An Rx for dubious drugstores

For some US citizens, the border with Mexico looks like a 2,000-mile long pharmacopeia.

From Tijuana to Matamoros, signs beckon in English - "Drug Store," "Yes, we have Viagra," drawing Americans south to buy prescription drugs at prices 40 percent below the US cost.

While border-hopping to fill legitimate prescriptions isn't illegal, the trouble is that these pharmacies have too often been an easy source of controlled medications like Valium, or questionable "miracle drugs" not approved in the US.

Kids looking for some "uppers" for a weekend dance party? No problem. High school boys hunting for steroids to muscle up fast? The "specialist" at the one-man pharmacy will be happy to assist you with an on-the-spot prescription - or even without one.

One Mexican border governor has begun cracking down on this dubious dispensing.

The year-and-a-half-old campaign is part of Chihuahua Gov. Patricio Martinez's effort to counter his state's anything-goes image. Several pharmacies have been sanctioned for violations, and six repeat offenders have been shut down.

A similiar effort is expected to begin by April in another border state, Baja California.

While no one claims that illegal access to controlled legal drugs has been completely cut off along the border, some area health specialists applaud results so far.

"Most of us are fully supportive of these tighter controls, we know better than most that a lot of people out there are using medications in ways they shouldn't," says Cruz Maria Areola Enriquez, past president of the pharmacists' group within Ciudad Juarez's chapter of the National Chamber of Commerce.

"We can feel the governor's program is a success, because things are more peaceful down here. We have fewer people asking for Valium or other drugs they don't have a prescription for," says Ms. Areola, whose pharmacy in downtown Juarez is within walking distance of central El Paso, Texas.

The date-rape pill scandal that shook the Juarez-El Paso area in the late 1990s is an example of the kind of situation Martinez wants to prevent.

Young people had such easy access in Juarez to a hypnotic medication called Rohypnol - used legally in Mexico to treat depression patients, but also used by some men to drug their dates into submission - that the pills became known as "Roches," after Hoffman-La Roche, the Swiss pharmaceutical company that manufactures them.

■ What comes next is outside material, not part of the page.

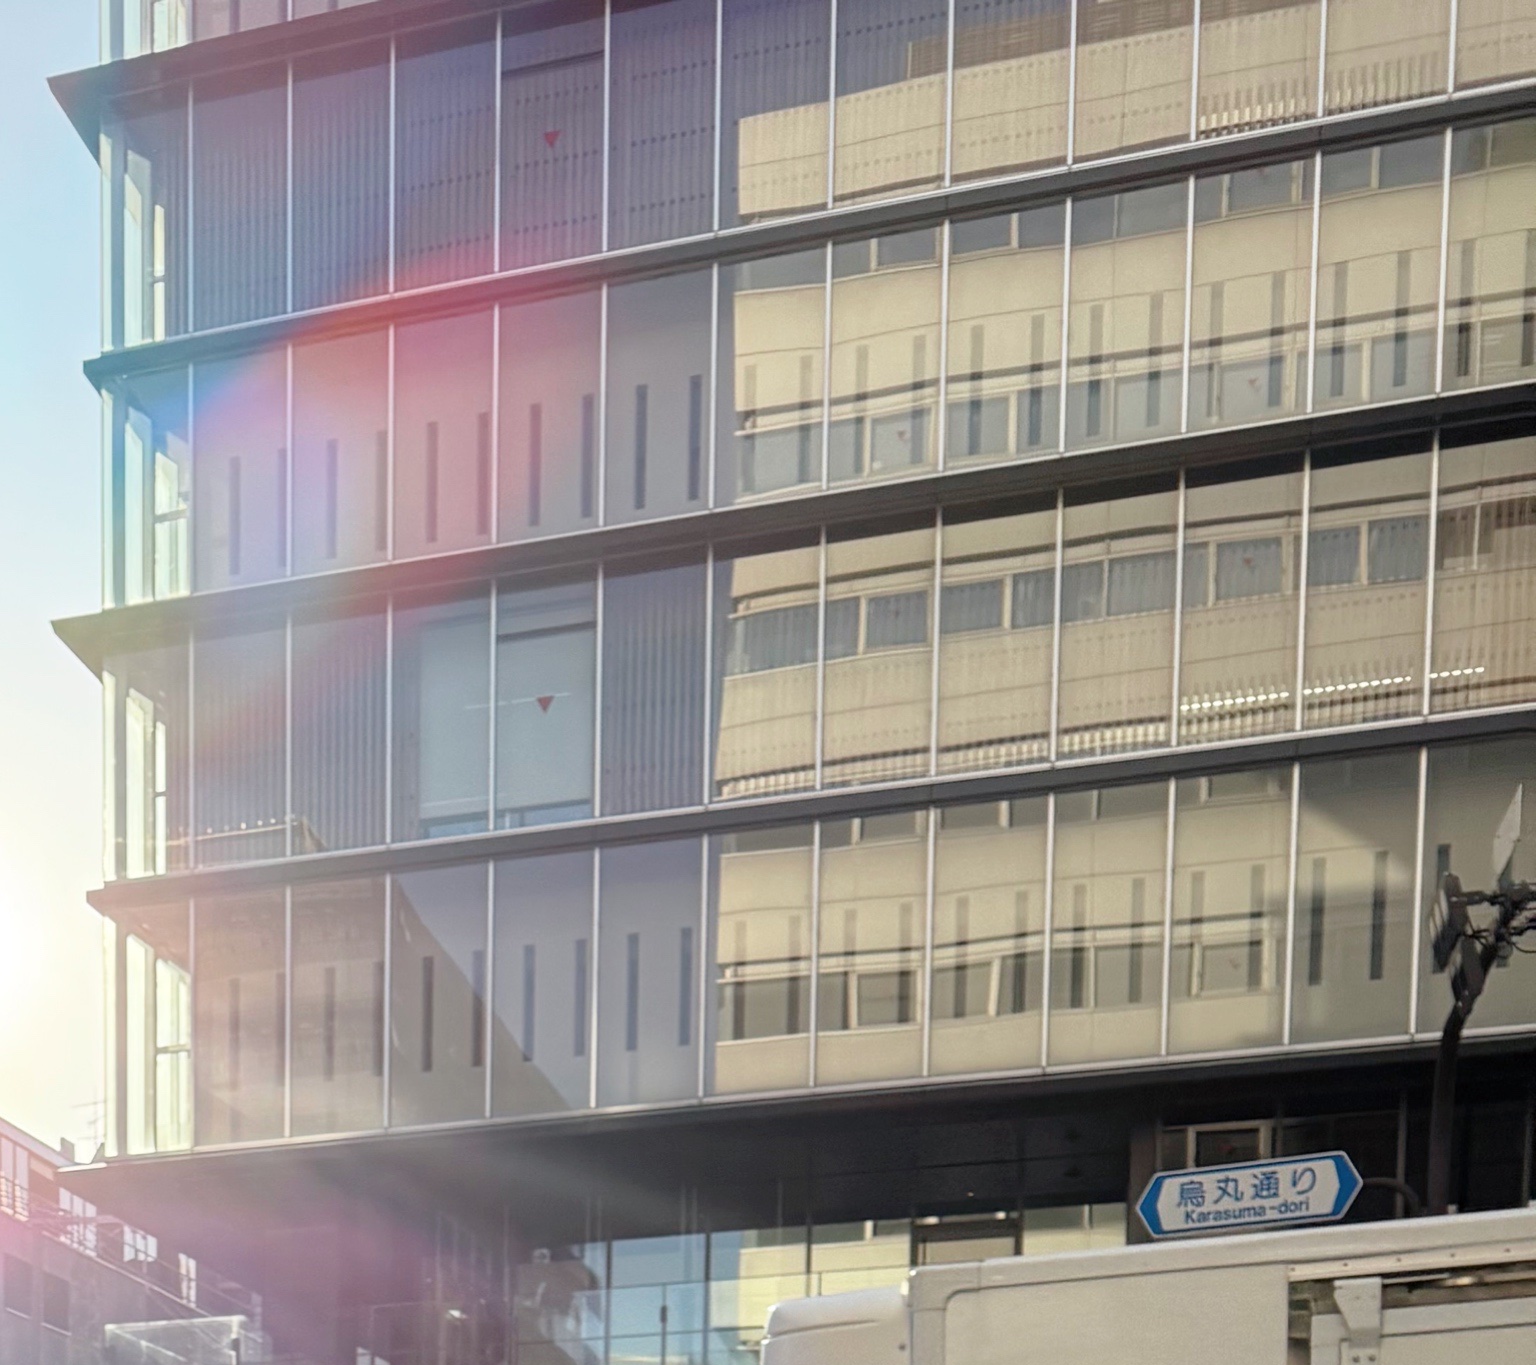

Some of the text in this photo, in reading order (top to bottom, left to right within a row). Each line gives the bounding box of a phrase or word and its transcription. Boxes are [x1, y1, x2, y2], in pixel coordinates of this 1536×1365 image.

Martinez - also known in Chihuahua and along the border for his campaign against all-night discos and his "good-neighbor" effort to stop Juarez bars from serving alcohol to US citizens under 21 - began targeting lax pharmacies soon after taking office in October 1998.

The state fired all 150 of its pharmacy inspectors and hired new ones. New procedures were launched to track controlled drugs from manufacturer to pharmacy to patient, with stiffer prescription requirements. Courses were set up to explain to pharmacies why the new measures were necessary - and what penalties would be imposed for violations.

"These measures didn't form the easiest road Governor Martinez could have taken, this entailed removing people from posts that in some cases had become very lucrative for the wrong reasons," says Graciela Ortiz, social development secretary for Chihuahua. "We even had a few bomb threats."

Martinez's reform crusade in another area - cocaine and other other narcotics trafficking - is widely believed to have led to an assassination attempt on the governor in January.

Access to legal controlled drugs has been reduced in part because several smaller pharmacies have chosen to stop selling medicines like tranquilizers and narcotic painkillers that come under the state's new, tighter regulations. "All the problems led a lot of us to just get out of offering these drugs, this way you're not suspect," says Lorencia Herrera, who operates a small pharmacy in central Juarez.

Area health experts say they see Chihuahua's campaign as part of a general effort along the border to reduce illegal access to controlled drugs.

"We still see cases of charlatans who are found dispensing these drugs without prescriptions, but there's been improvement all along the border and especially in Chihuahua," says Eduardo de Cossio, binational coordinator for the Panamerican Health Organization in El Paso.

Chihuahua is one of six states along the US border. Ciudad Juarez is the largest Mexican city on the border, followed closely by Tijuana.

Despite Chihuahua's efforts, some pharmacy employees in Juarez say that people who want a certain drug are still going to find it, even if it may be more difficult now.

"I'd say the state really is controlling more the sales of Valium and such drugs, but 'controlling' like this," says pharmacist Magdalena Munoz, making imaginary quotation marks in the air. The state courses have made employees more conscious of the dangers of these drugs and the reasons for the tight controls, she says, adding that pharmacy visits by state inspectors have become more regular. "People here are a lot more aware," says Ms. Munoz, who works at the large ABC Pharmacy in central Juarez.

But she thinks the small one-man pharmacies that dot Juarez's side streets, where the same person acts as doctor and pharmacist, still could fall through the inspection net.

"Part of my doubts come from past cases, where pharmacists in that situation were found falling prey to bribes," she says. Her suspicions are also heightened, she says, because fewer customers are asking for controlled drugs in her store, "so I have to figure they're going somewhere."